ASSIGNMENT :: Exactly the lines from the one holding "this 2048×1152 image." through the final line of the data are wanted, copied as written.

INFORMATION SUPPLIED ::
____________

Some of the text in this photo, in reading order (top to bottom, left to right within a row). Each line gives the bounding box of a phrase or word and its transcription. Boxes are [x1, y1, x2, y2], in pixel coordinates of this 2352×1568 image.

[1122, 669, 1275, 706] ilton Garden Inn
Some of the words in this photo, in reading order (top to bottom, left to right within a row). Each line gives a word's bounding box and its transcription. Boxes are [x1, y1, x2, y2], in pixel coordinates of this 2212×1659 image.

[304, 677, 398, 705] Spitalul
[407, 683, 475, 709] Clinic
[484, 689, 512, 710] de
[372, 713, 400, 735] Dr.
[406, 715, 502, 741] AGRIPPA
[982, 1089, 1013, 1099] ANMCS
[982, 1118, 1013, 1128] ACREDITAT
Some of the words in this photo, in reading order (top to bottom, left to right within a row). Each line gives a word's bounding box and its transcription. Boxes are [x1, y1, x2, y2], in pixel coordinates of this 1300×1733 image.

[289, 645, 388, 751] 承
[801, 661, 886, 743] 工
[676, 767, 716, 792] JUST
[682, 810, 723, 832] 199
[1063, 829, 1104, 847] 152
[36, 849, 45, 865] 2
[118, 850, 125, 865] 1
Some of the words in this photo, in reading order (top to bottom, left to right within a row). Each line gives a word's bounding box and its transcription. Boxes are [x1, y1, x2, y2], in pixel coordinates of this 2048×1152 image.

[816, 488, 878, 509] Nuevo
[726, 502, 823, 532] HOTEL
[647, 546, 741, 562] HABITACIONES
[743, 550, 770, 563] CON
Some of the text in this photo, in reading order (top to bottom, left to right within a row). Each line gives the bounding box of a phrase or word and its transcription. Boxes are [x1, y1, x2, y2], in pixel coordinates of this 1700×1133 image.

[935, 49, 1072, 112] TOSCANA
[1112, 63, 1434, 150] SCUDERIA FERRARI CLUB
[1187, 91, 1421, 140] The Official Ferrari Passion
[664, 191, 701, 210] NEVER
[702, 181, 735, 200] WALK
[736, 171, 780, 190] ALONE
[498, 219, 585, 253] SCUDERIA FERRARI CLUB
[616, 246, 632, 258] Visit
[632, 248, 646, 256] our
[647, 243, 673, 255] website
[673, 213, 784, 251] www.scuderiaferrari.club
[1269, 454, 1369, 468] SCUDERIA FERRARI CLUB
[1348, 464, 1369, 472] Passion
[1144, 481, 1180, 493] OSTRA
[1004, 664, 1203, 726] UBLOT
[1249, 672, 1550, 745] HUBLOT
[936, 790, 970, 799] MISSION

____________

ANSWER TO THE PROBLEM ::
Some of the words in this photo, in reading order (top to bottom, left to right within a row). Each line gives a word's bounding box and its transcription. Boxes are [x1, y1, x2, y2], in pixel coordinates of this 2048×1152 image.

[816, 488, 878, 509] Nuevo
[726, 502, 823, 532] HOTEL
[647, 546, 741, 562] HABITACIONES
[743, 550, 770, 563] CON
Some of the text in this photo, in reading order (top to bottom, left to right within a row). Each line gives the bounding box of a phrase or word and its transcription. Boxes are [x1, y1, x2, y2], in pixel coordinates of this 1700×1133 image.

[935, 49, 1072, 112] TOSCANA
[1112, 63, 1434, 150] SCUDERIA FERRARI CLUB
[1187, 91, 1421, 140] The Official Ferrari Passion
[664, 191, 701, 210] NEVER
[702, 181, 735, 200] WALK
[736, 171, 780, 190] ALONE
[498, 219, 585, 253] SCUDERIA FERRARI CLUB
[616, 246, 632, 258] Visit
[632, 248, 646, 256] our
[647, 243, 673, 255] website
[673, 213, 784, 251] www.scuderiaferrari.club
[1269, 454, 1369, 468] SCUDERIA FERRARI CLUB
[1348, 464, 1369, 472] Passion
[1144, 481, 1180, 493] OSTRA
[1004, 664, 1203, 726] UBLOT
[1249, 672, 1550, 745] HUBLOT
[936, 790, 970, 799] MISSION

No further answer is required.